Hans tiene seis años y los primeros cinco años de vida los pasó en las condiciones más deplorables que se puedan imaginar. Atado a la caseta de una finca con una cadena que desgarraba su cuello a cada movimiento, dejado a la intemperie en lo más crudo del invierno y bajo el sol más sofocante, mínimamente saciado a base de agua que rebosaba un bebedero siempre sucio y lleno de insectos, expuesto a las alimañas contra las que, encadenado, poco o nada podía hacer (no mide más de tres palmos de largo) y, por supuesto, víctima de continuos golpes por parte del dueño que de vez en cuando daba vuelta por la finca. Hans siempre estuvo allí y siempre recibió eso.

Hasta que Berta, mi hermana, lo acogió a través de A.D.A.L.A. una protectora de animales que había tenido noticia de sus condiciones. Él nunca había vivido otra cosa que penuria y violencia y aún así no costará demasiado creer que quería a su dueño. Lo temía pero era el único con el que tenía un contacto más o menos continuado. Pues bien, mi hermana no es sólo generosa (obviamente lo es) sino muy dulce y paciente, por lo que derribó esa frontera. No olvidemos que se enfrentaba a la víctima, desde su nacimiento hacía cinco años, de un maltrato sistemático. Un perro llegado a la mitad de la vida que en el mejor de los casos habría cogido una pulmonía o un parásito que lo matara rápidamente y en el peor de los casos habría llegado a viejo envuelto en terribles agonías.

Después de toneladas de perseverancia, algún disgusto y mucho amor, hoy Hans es un animal absolutamente feliz. Un perro cariñoso, sano y bien educado. ¿Hizo algo para llegar al punto en el que se encuentra?
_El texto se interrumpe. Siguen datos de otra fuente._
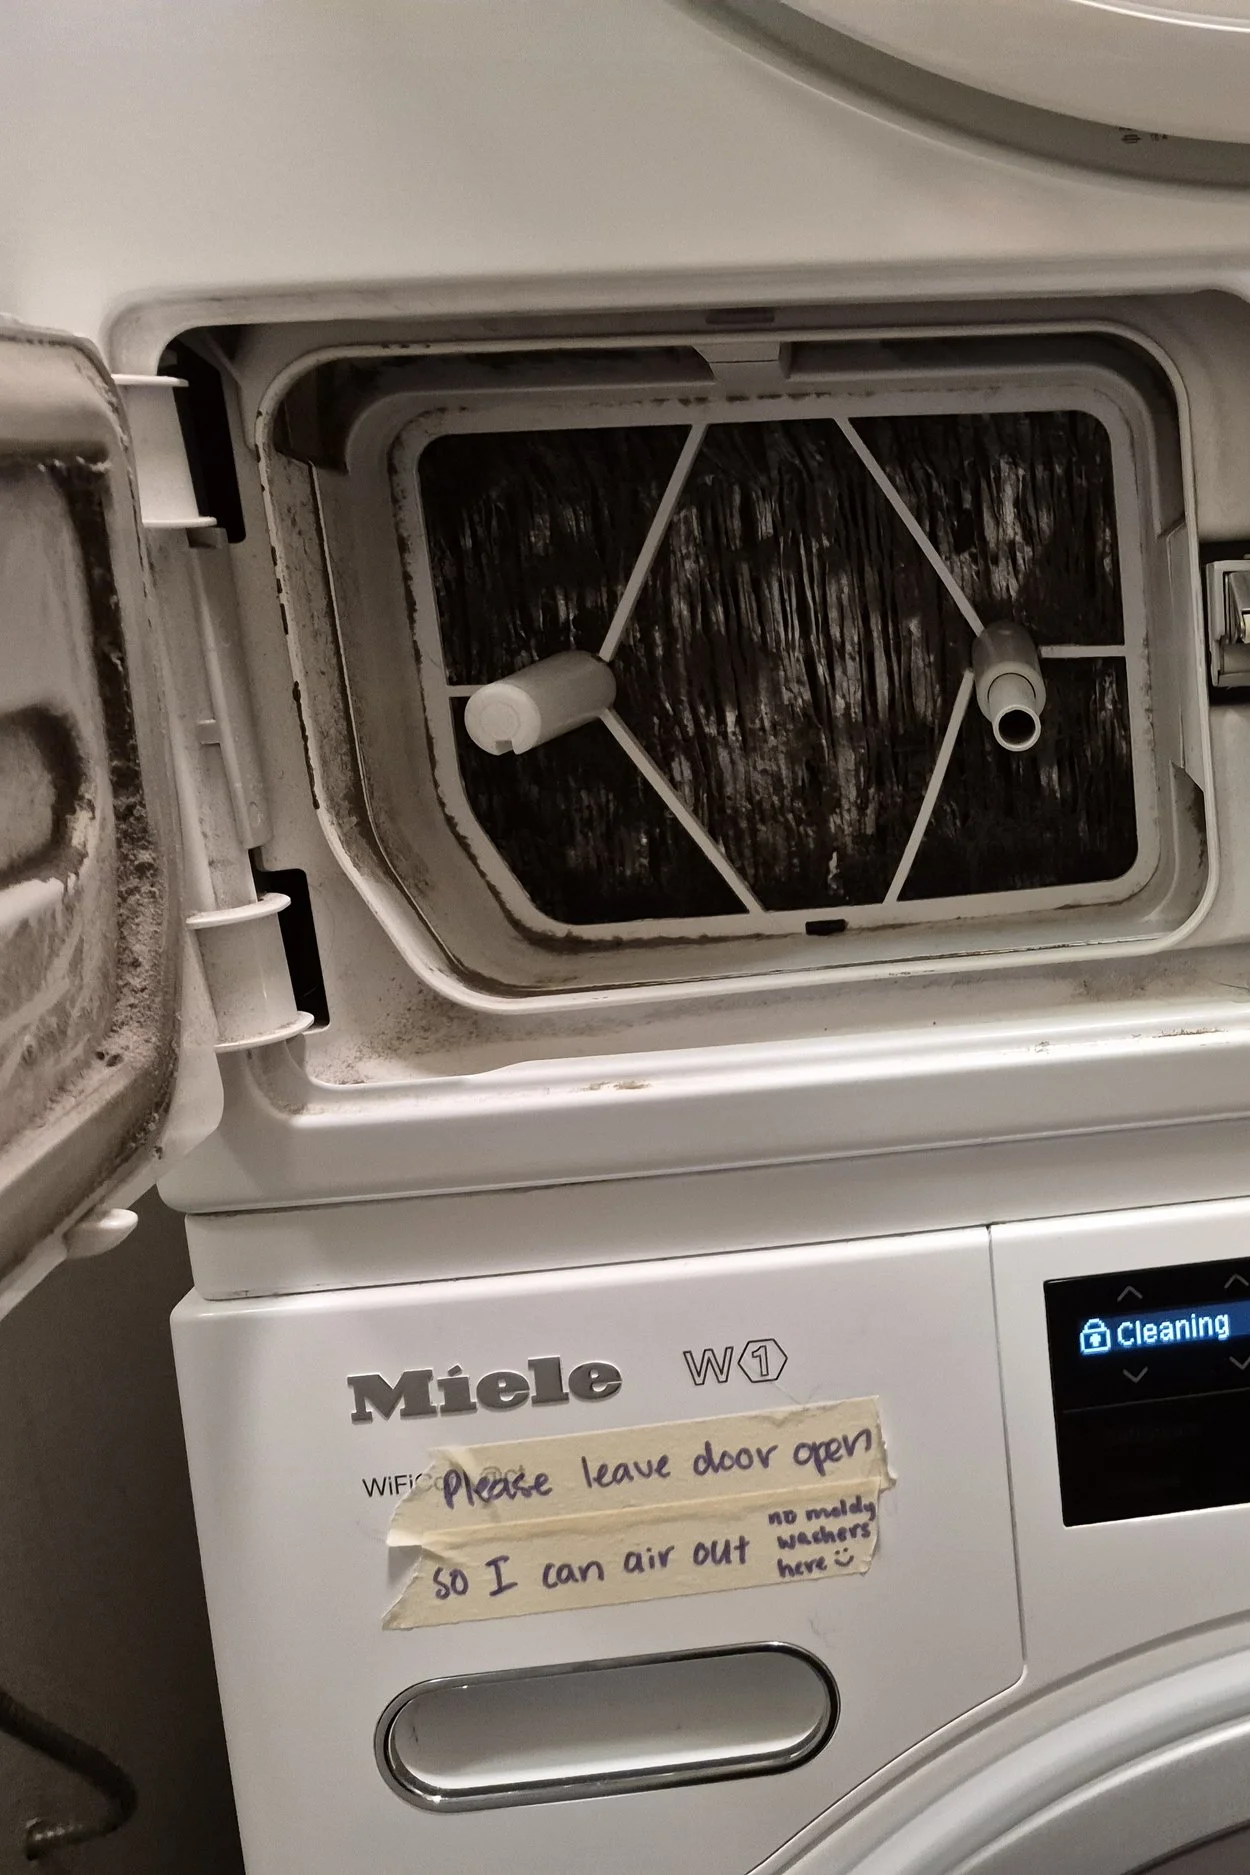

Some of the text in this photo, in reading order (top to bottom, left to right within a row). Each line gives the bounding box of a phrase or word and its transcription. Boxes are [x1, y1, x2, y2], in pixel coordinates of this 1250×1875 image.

[1117, 1309, 1230, 1347] Cleaning
[347, 1356, 623, 1423] Miele
[443, 1428, 872, 1510] Please leave door open
[768, 1499, 877, 1526] no moldy
[777, 1522, 871, 1551] washers
[487, 1555, 519, 1598] I
[542, 1558, 605, 1590] can
[623, 1546, 673, 1575] air
[693, 1537, 750, 1568] out
[777, 1556, 828, 1580] here
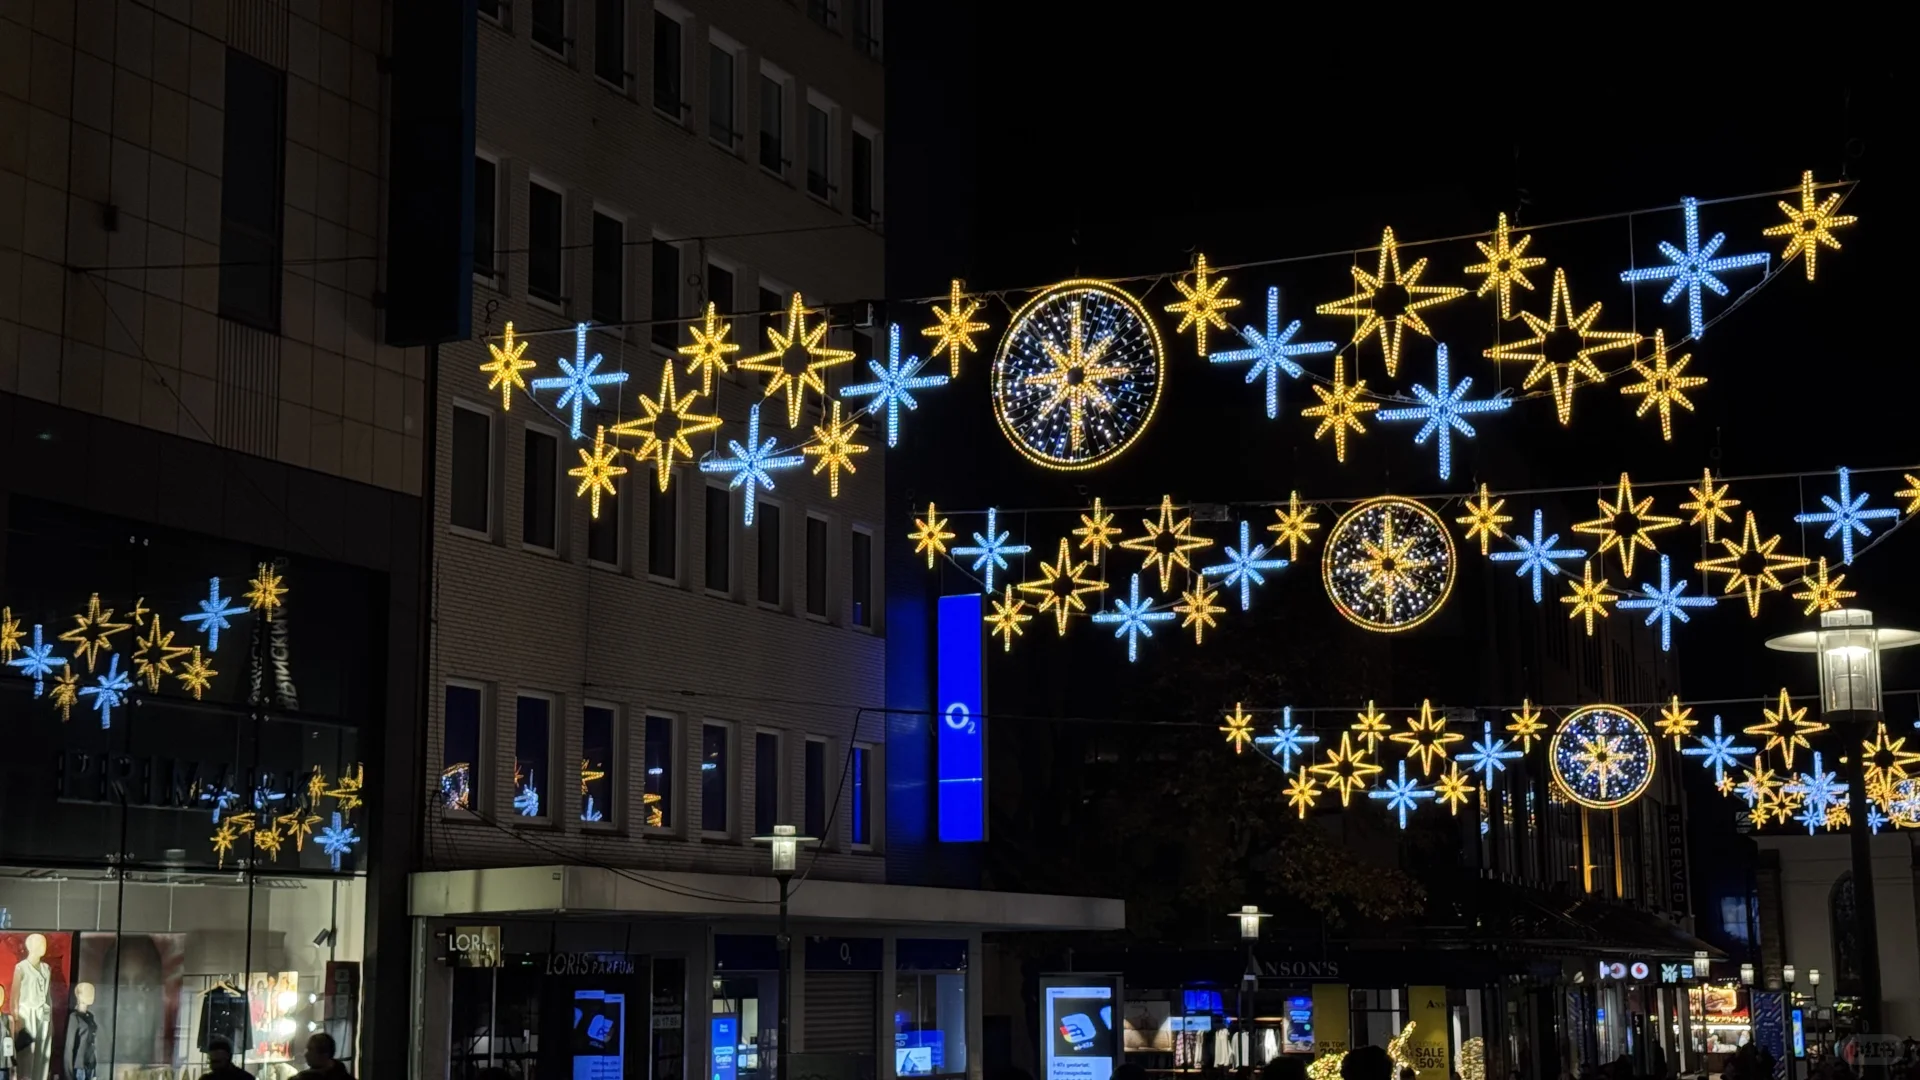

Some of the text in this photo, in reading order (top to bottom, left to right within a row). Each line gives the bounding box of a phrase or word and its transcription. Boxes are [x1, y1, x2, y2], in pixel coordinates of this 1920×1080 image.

[1668, 813, 1684, 904] RESERVED
[545, 953, 635, 976] LORIS PARFUM
[1661, 963, 1678, 983] WMF
[1416, 1048, 1444, 1057] SALE
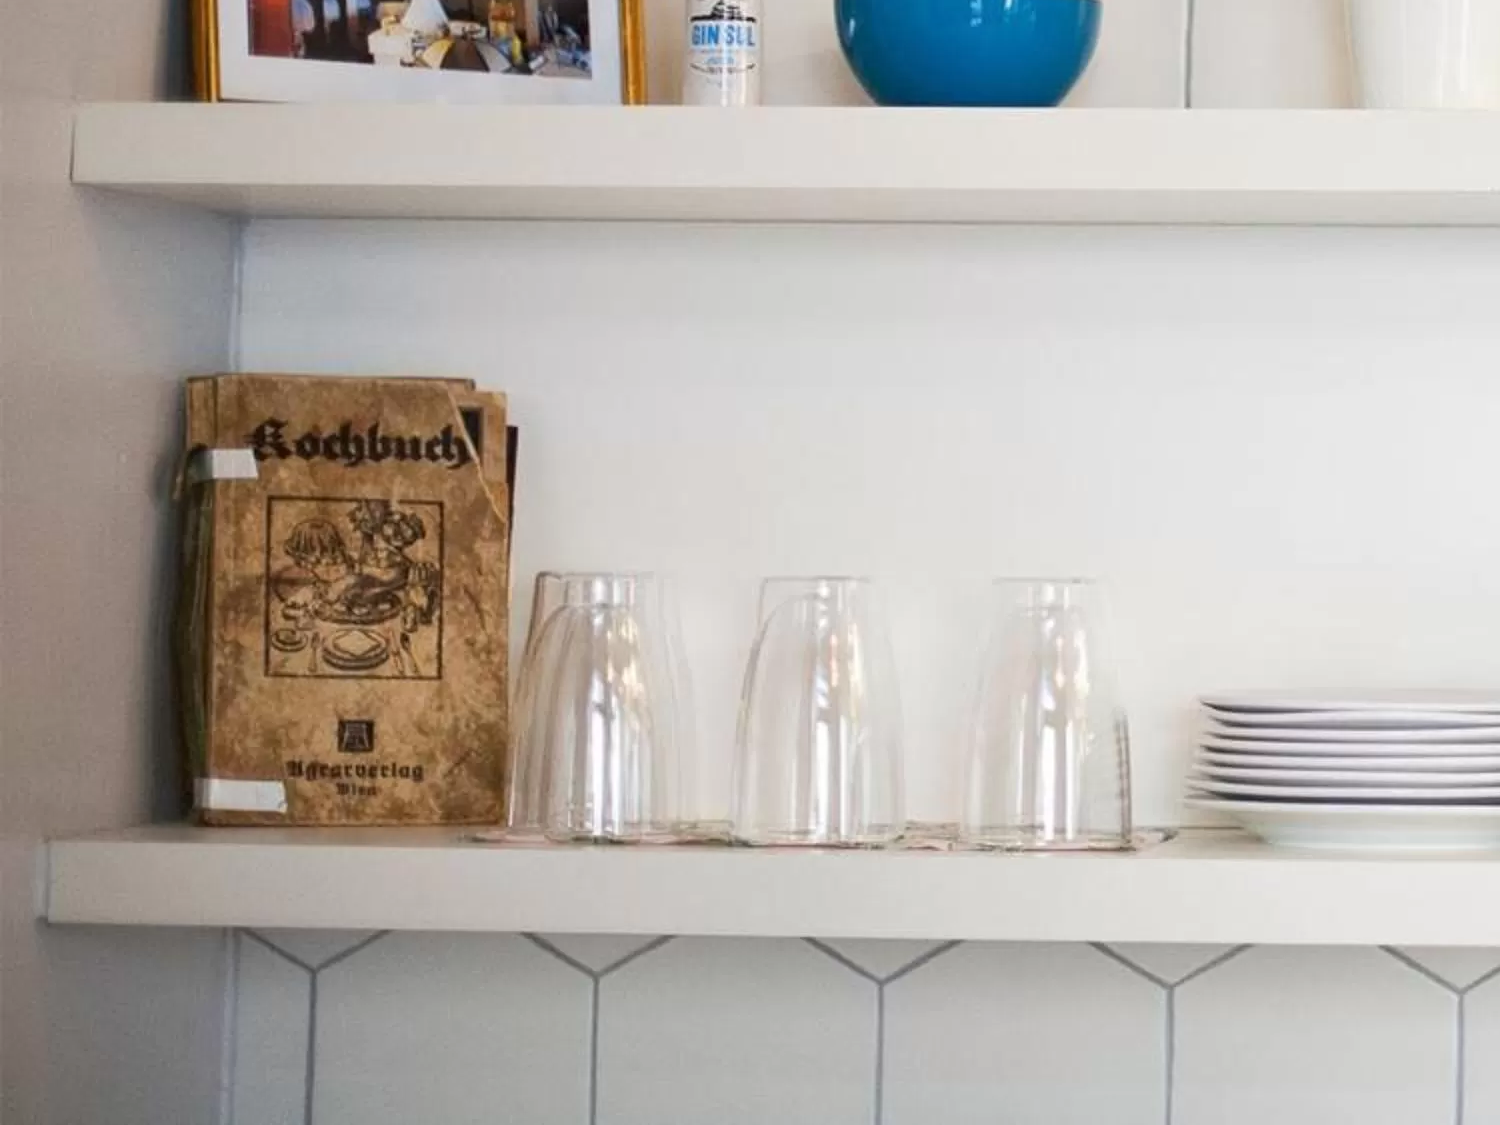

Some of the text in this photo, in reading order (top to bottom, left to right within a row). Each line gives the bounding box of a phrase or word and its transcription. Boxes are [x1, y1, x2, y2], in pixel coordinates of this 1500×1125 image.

[691, 24, 720, 46] GIN
[244, 417, 476, 469] Kochbuch
[285, 759, 425, 783] Agrarverlag
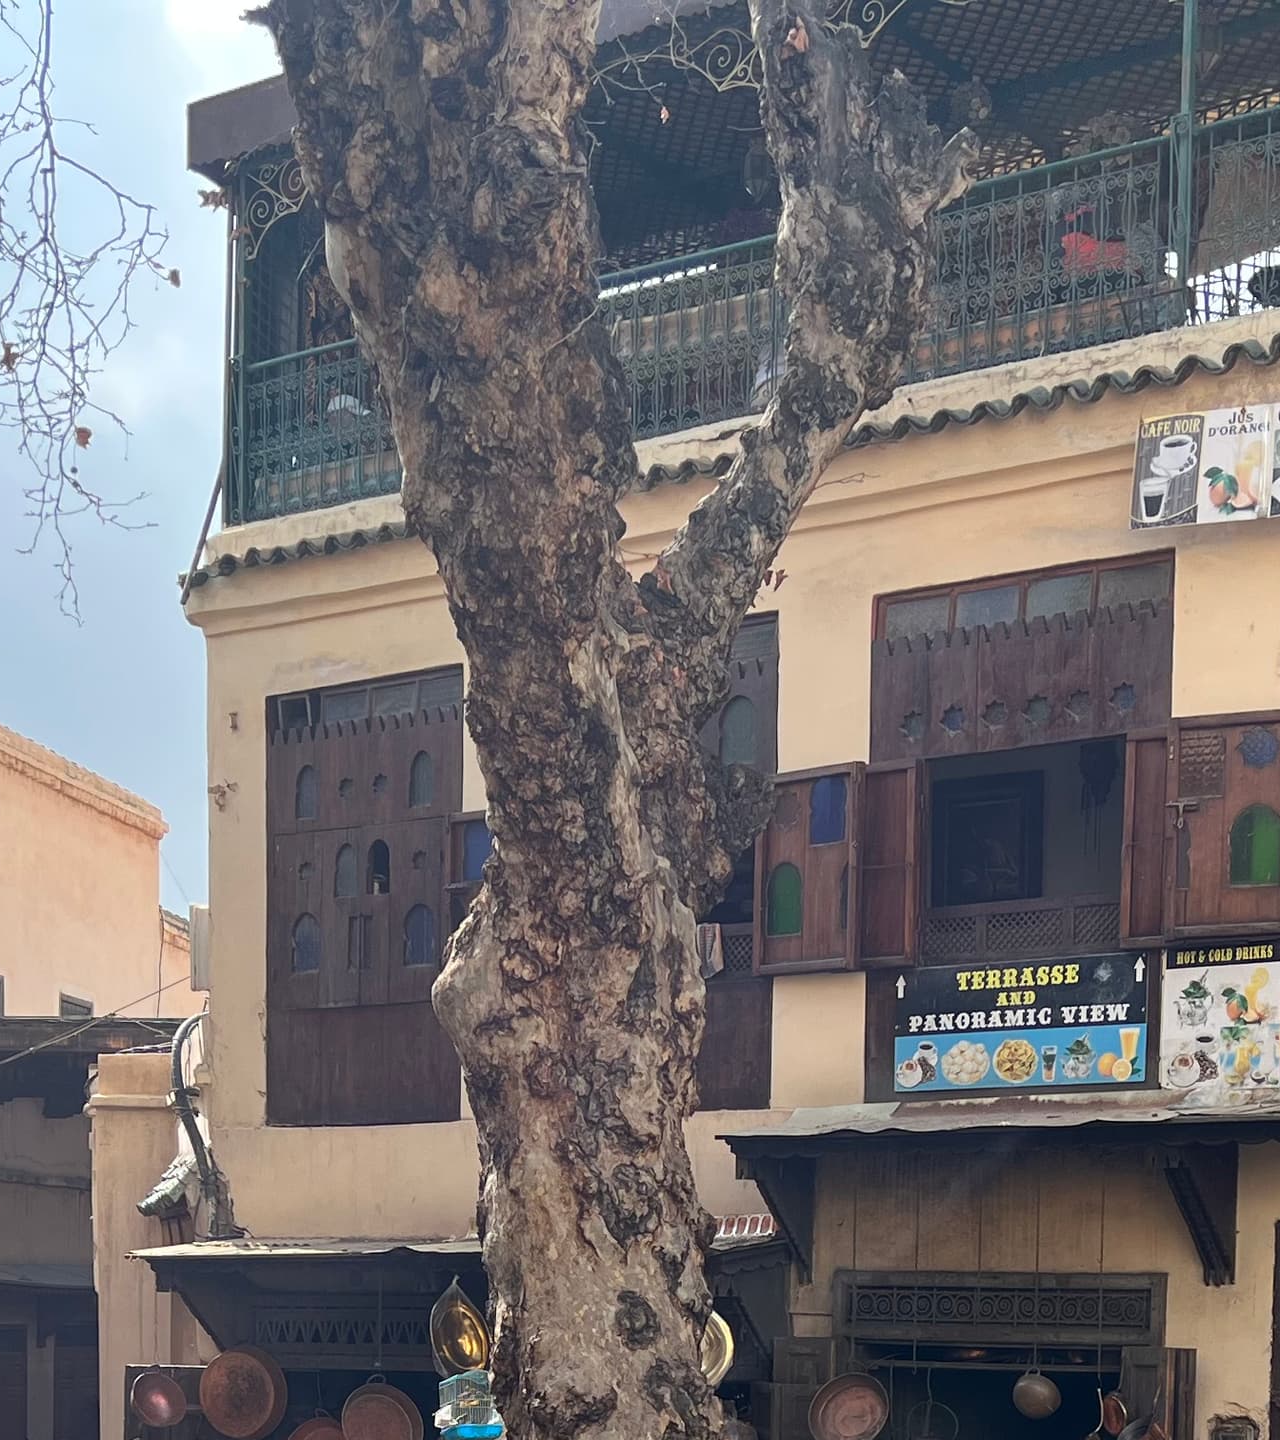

No, porque ni siquiera sabía en qué punto se encontraba.

¿Debemos renunciar a intentar mejorar nuestra situación, sea la que sea? Sería idiota si dijera que sí. ¿Es imposible mejorar nuestra situación, por mala que sea? No y siempre no. Pero, ¿y si, como en el caso de Hans, no somos conscientes de ésta? Pues en ese caso es posible que alguien lo haga por nosotros.

Y esto ¿para qué nos sirve? Para nada, pero a quien provoquemos ese Efecto le puede suponer todo. ¿Y cuándo podemos ponerlo en práctica? No es excluyente, ni hace falta que se produzca una sola vez. Y quizá en el fondo no tenga por qué tener consecuencias tan gigantescas. Podemos y debemos causar en los demás pequeños, pequeñísimos, microscópicos Efectos Berta varias veces al día, todos los días del año, durante todos los días de nuestra vida. ¿No sería un deber digno de ponerse en práctica?